Five traps have been set up throughout western Oregon where the sick
deer have been seen.
Last weekend, the first sick blacktail deer was captured and brought
to the new “Hair Loss” research facility that’s been set up at EE
Wilson Wildlife Area near Corvallis.
The young doe flanks are discolored – her hair turning a mottled
brown and black unlike the normal gray and black hair of a healthy
deer. It is the first stage of the “Hair Loss Syndrome.”

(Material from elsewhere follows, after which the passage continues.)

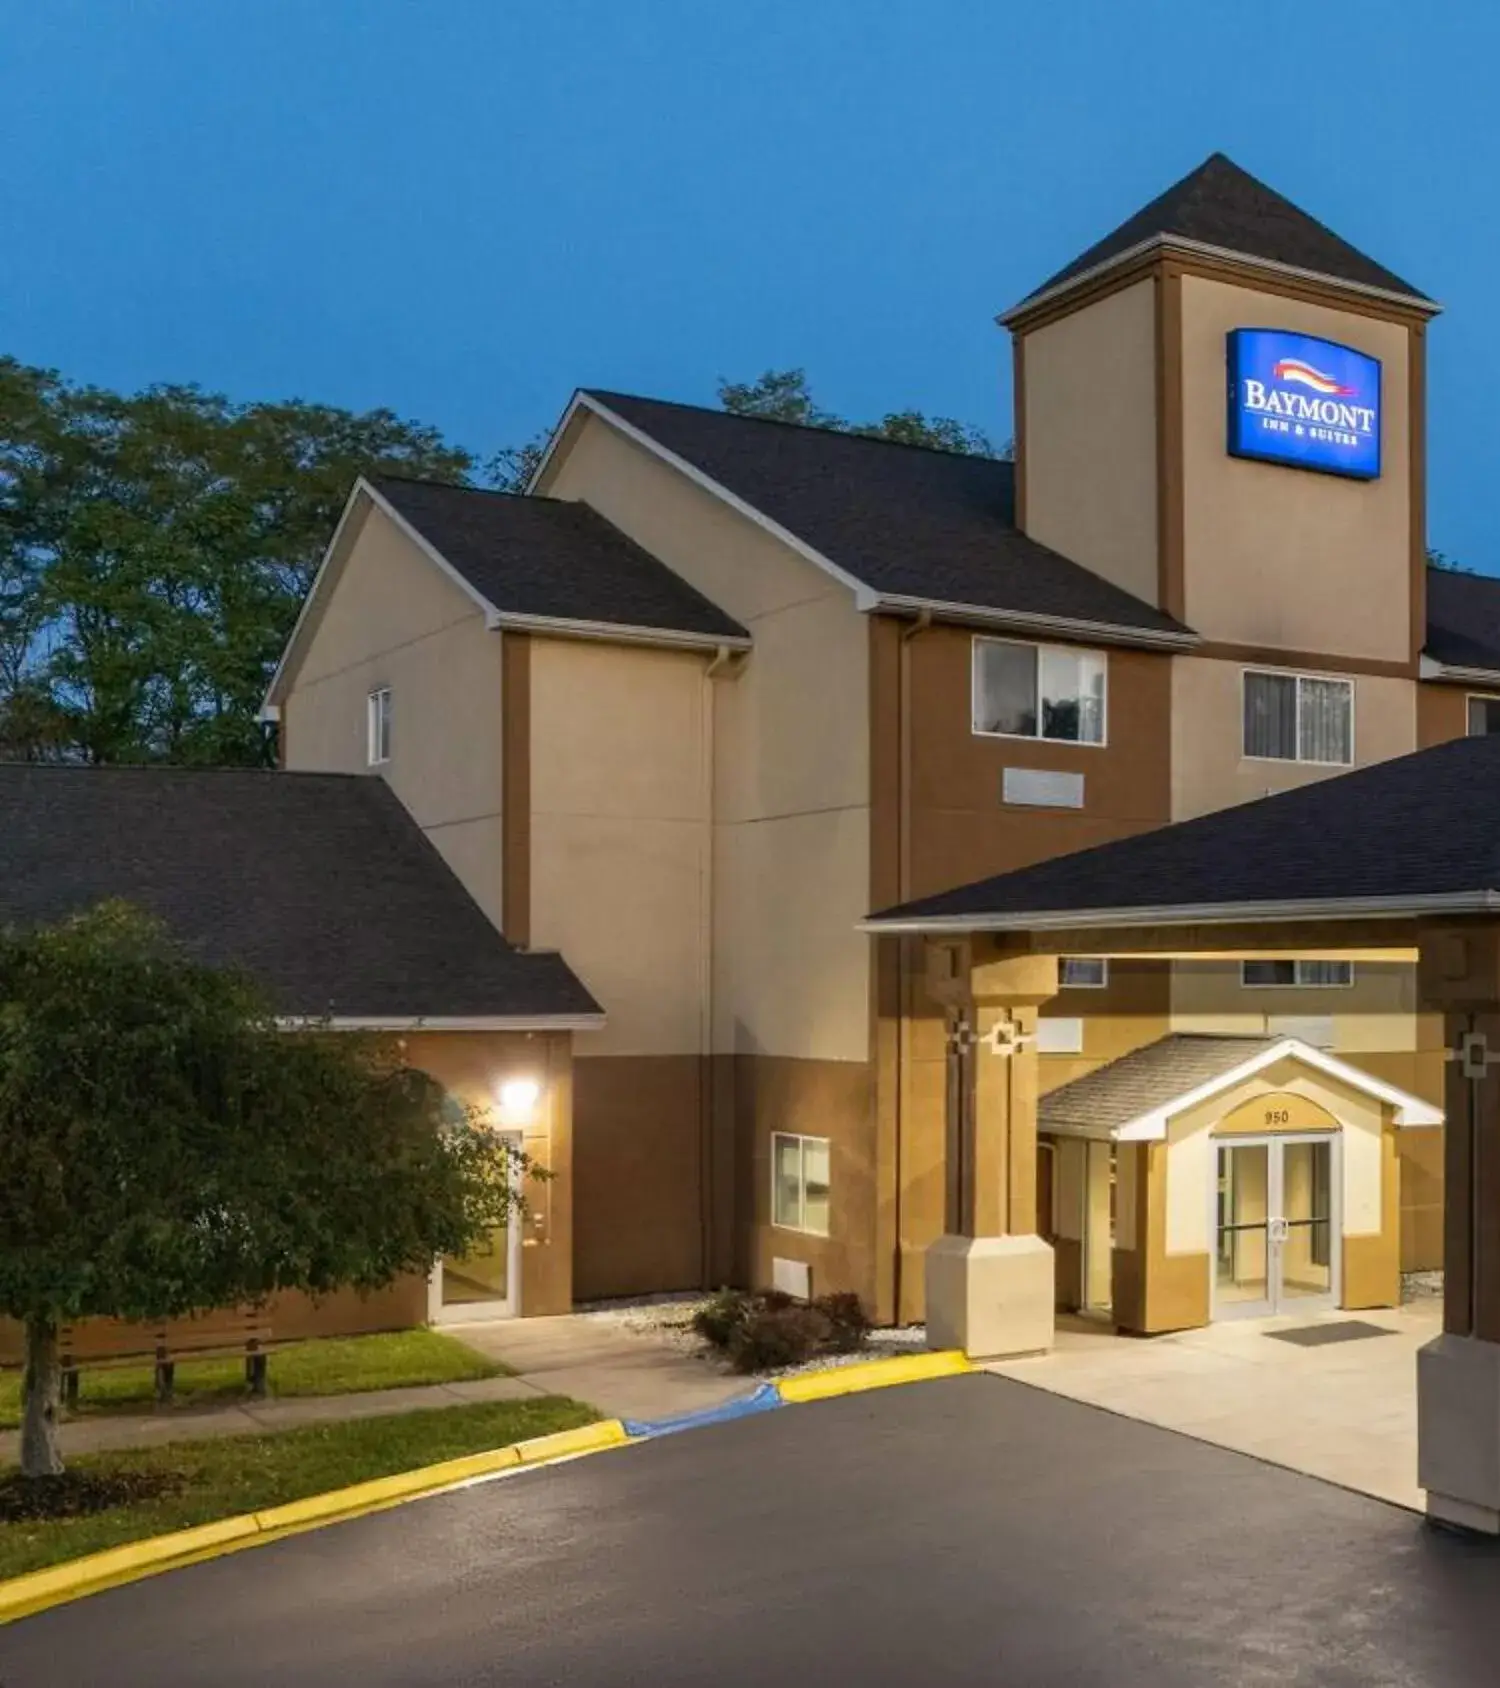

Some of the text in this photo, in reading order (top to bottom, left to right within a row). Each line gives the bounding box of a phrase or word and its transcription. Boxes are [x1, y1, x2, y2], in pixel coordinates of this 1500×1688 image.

[1244, 379, 1375, 432] BAYMONT
[1263, 418, 1358, 445] INN & SUITES
[1265, 1110, 1289, 1125] 950

The EE Wilson site will be the base for a two-year study of this
problem. Soon, biologists will introduce the sick deer to several
healthy deer that have been captured from other Oregon locations and
brought to the facility.
OSU Researcher Jason Robison, says the speed of the lice infestation
has caught many experts by surprise and so far, there are many more
questions than answers.
“This is a real world problem that we’re having with our deer
population and a lot of biologists are starting to see it in
different locations. They’re very shocked that something like this
has been going on and they haven’t heard a whole lot about it.”
The first answers to this wildlife mystery could be coming in a
couple of months. In the meantime, the disorder continues to spread
and Oregon’s deer are at risk.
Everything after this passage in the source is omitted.